While the majority of bodies from the San Francisco cemeteries were moved to the mass gravesites in Colma, any next of kin could privately reinter decedents wherever they chose. Many were moved to cemeteries in Oakland, California.
Why is Mission Dolores Cemetery still intact?
Mission Dolores is the birthplace of San Francisco. It was built in 1776 and is the oldest building in the city. Because the location is of such historical significance, the cemetery has, at least in part, been preserved. It is not by chance that remains of individuals of historical significance have been preserved in the today's reduced version of the cemetery, while those of commoners and indigenous people who originally dwelled in the area are not well represented. Many of the indigenous people were likely not buried on the consecrated ground of the mission if they did not convert to Christianity, but on the perimeter of it. See Ron Filion's page on Mission Dolores for some intriguing bits on the cemetery's history. According to a map at the California Historical Society's North Baker Research Library, Mission Dolores Cemetery is nowapproximately one-third of its original size.
Why are the Presidio military cemetery (San Francisco National Cemetery) and the Presidio pet cemetery still intact?
The two cemeteries were located on federal land, and not subject to local laws. The Presidio was decommissioned as a military area in 1994, and has been part of the Golden Gate National Recreation Area since 1994. The San Francisco National Cemetery is managed by the United States Department of Veteran's Affairs. The nonprofit organization Swords to Plowshares is the official caretaker of the pet cemetery. A monument commemorating a merchant marine cemetery that was once located behind the Marine Hospital (and later the Public Health Service Hospital, at Lake Street and 14th Avenue) was erected in 2011. The cemetery, which had approximately 500 people buried there, had previously been covered under several feet of sand and a parking lot.
Why is the Columbarium still allowed to take cremated remains?
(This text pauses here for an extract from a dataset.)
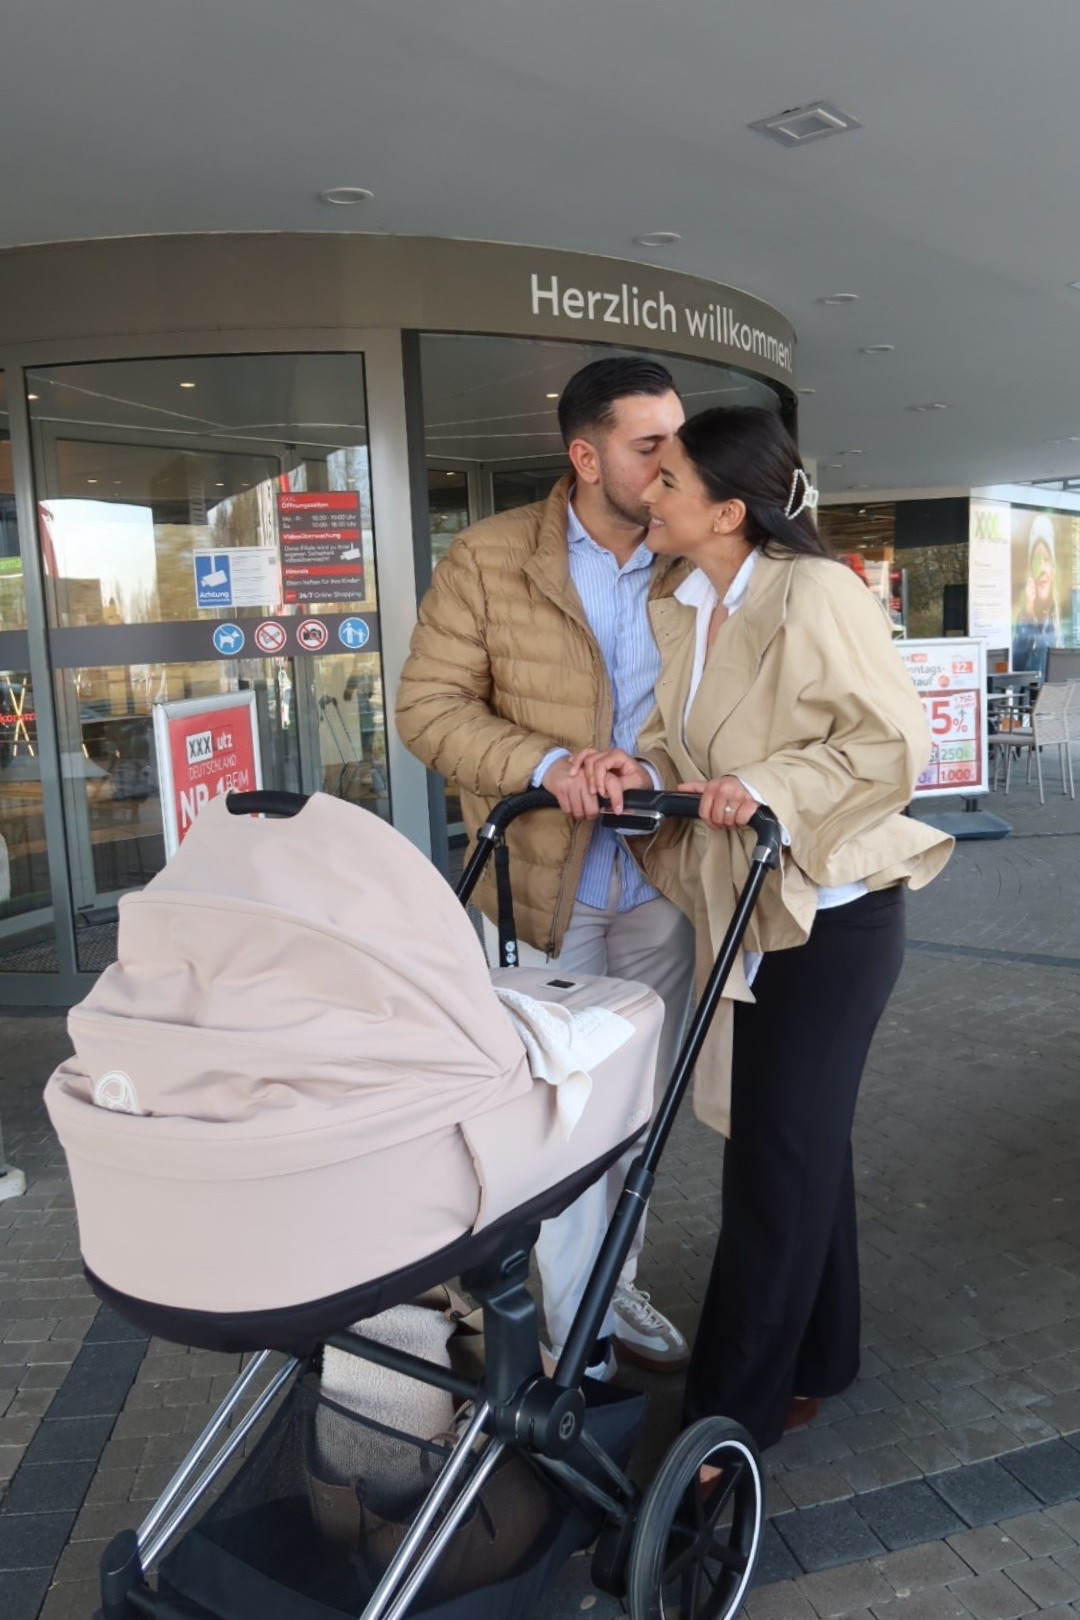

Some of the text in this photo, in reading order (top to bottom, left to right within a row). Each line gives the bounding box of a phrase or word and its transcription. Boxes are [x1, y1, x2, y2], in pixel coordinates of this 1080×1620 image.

Once part of the Odd Fellows' Cemetery, The San Francisco Columbarium was, for unknown reasons, neither dismantled nor maintained after the bodies were removed from the surrounding cemetery in the 1930s. Over time, the Columbarium passed through various hands and fell into disrepair until the early 1980s, when it was purchased by the Neptune Society. It has been meticulously restored since this time. While there are laws banning burial of bodies and cremation within city limits, there is no specific ban on the housing of cremated remains. The Columbarium provides the main, if not only, secular location where one's remains can be housed in San Francisco legally and for public visitation.
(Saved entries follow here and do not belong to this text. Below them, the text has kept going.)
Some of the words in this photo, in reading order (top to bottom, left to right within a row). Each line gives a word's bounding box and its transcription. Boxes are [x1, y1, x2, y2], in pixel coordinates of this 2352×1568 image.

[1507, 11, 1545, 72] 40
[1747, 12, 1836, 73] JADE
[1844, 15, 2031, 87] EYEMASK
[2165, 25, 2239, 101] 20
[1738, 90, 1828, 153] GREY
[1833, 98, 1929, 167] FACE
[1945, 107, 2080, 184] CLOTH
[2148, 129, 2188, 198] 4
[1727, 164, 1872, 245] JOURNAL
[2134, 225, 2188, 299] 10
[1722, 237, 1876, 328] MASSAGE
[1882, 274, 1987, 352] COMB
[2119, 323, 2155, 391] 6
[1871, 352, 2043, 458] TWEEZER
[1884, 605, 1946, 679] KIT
What happened to the cemetery that was at the present-day site of Dolores Park?
The present-day location of Dolores Park was once the site of both Nevai Shalome (Home of Peace, Peaceful Abode) and Giboth Olam (Hills of Eternity) cemeteries. The cemeteries were owned by Congregation Emanu-El and Congregation Sherith Israel, respectively. Lacking space on which to expand, the congregations bought property in Colma and moved the bodies in the San Francisco cemeteries there by 1900, before San Francisco banned burials and cremations. Today, there are three Jewish cemeteries in Colma -- Home of Peace Cemetery and Emanu-El Mausoleum, Hills of Eternity Cemetery and Mausoleum, and Salem Memorial Park and Garden Mausoleum.
Was there a cemetery where San Francisco City Hall is today?
Yes. From 1850 to 1871, Yerba Buena Cemetery, the first city-sanctioned cemetery in San Francisco, occupied a triangular swath of land bordered by Market, McAllister and Larkin streets. Today, the new San Francisco Public Library building and the Asian Art Museum (the original San Francisco Public Library building) also occupy this land. Many of San Francisco's first cemeteries were consolidated into this one location after residents complained of the unsightly appearance and unsanitary conditions of the city's spontaneously established graveyards in the Telegraph Hill, North Beach, and Russian Hill neighborhoods.